Dataset entries
━━━━━━━━
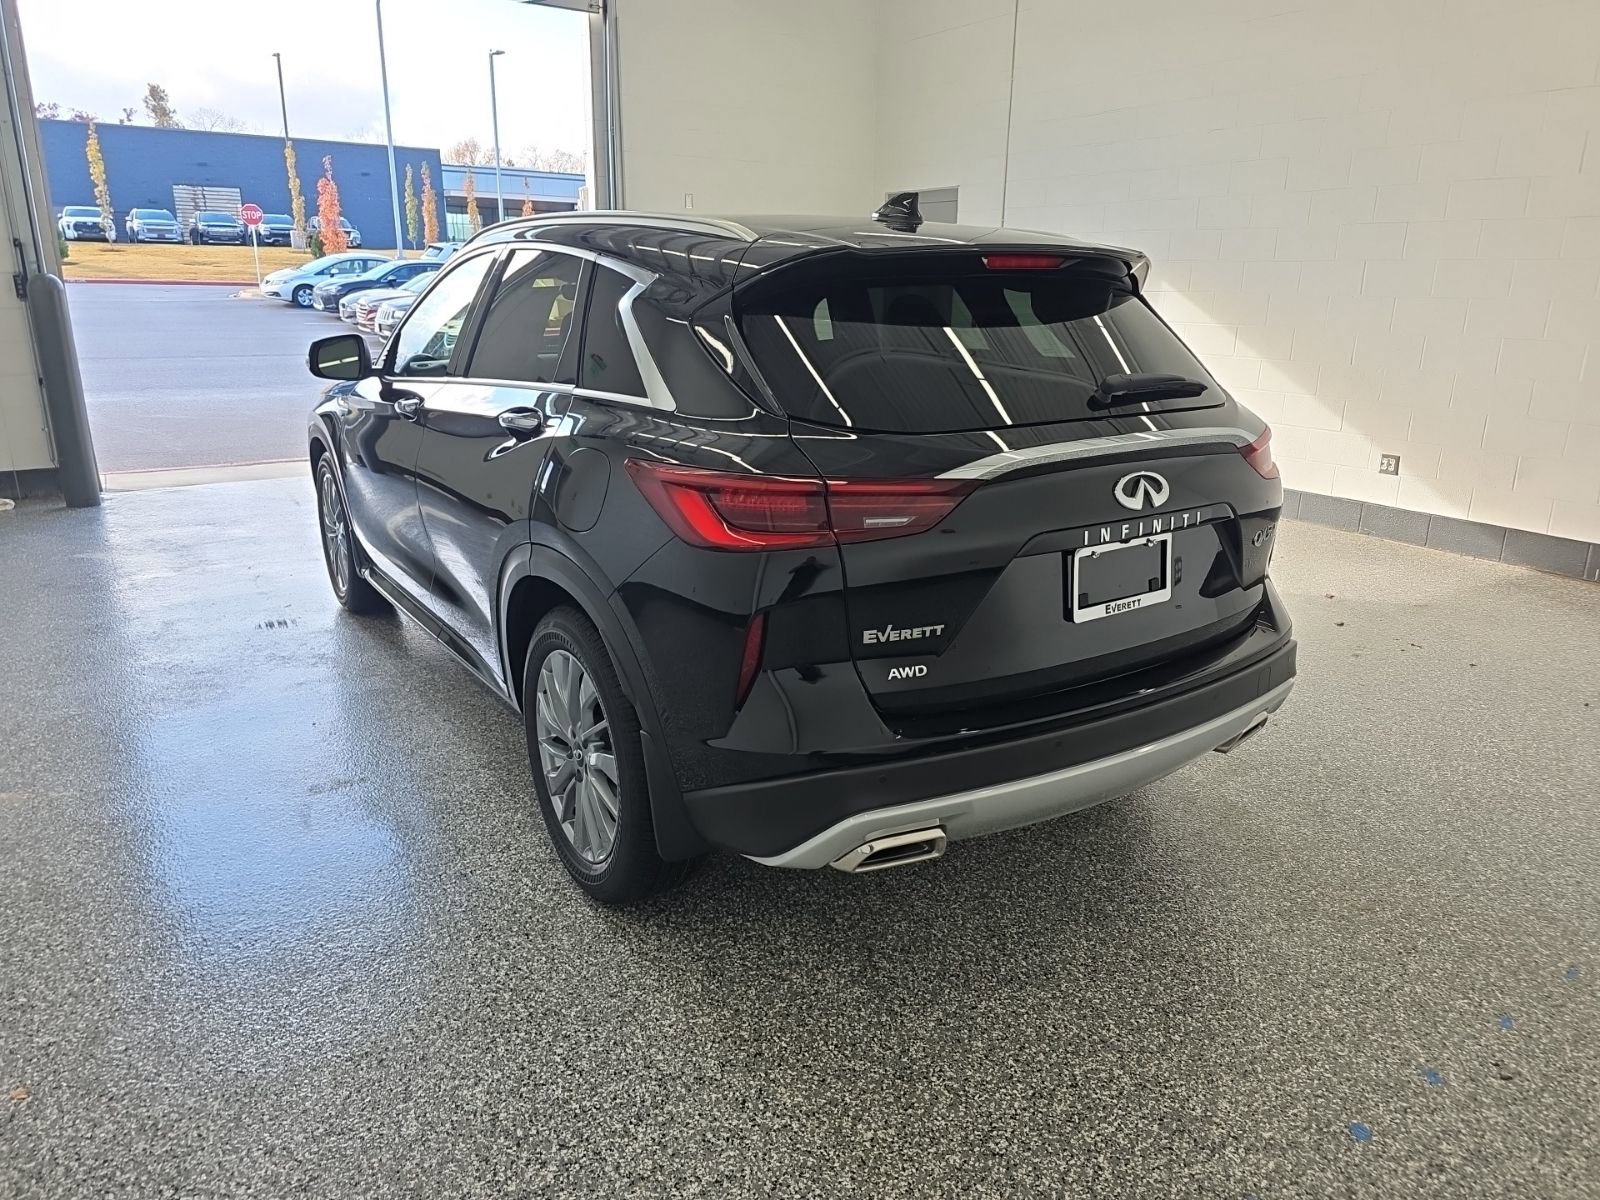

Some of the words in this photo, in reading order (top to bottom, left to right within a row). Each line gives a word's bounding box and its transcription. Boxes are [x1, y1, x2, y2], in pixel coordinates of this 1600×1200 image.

[242, 210, 262, 220] STOP
[1084, 511, 1201, 545] INFINITI
[1105, 598, 1142, 614] EVERETT
[862, 624, 945, 644] EVERETT
[887, 664, 928, 681] AWD
━━━━━━━━
Leave out the pictures and output every record above precisely as given.

* **Task output**
Some of the words in this photo, in reading order (top to bottom, left to right within a row). Each line gives a word's bounding box and its transcription. Boxes are [x1, y1, x2, y2], in pixel coordinates of this 1600×1200 image.

[242, 210, 262, 220] STOP
[1084, 511, 1201, 545] INFINITI
[1105, 598, 1142, 614] EVERETT
[862, 624, 945, 644] EVERETT
[887, 664, 928, 681] AWD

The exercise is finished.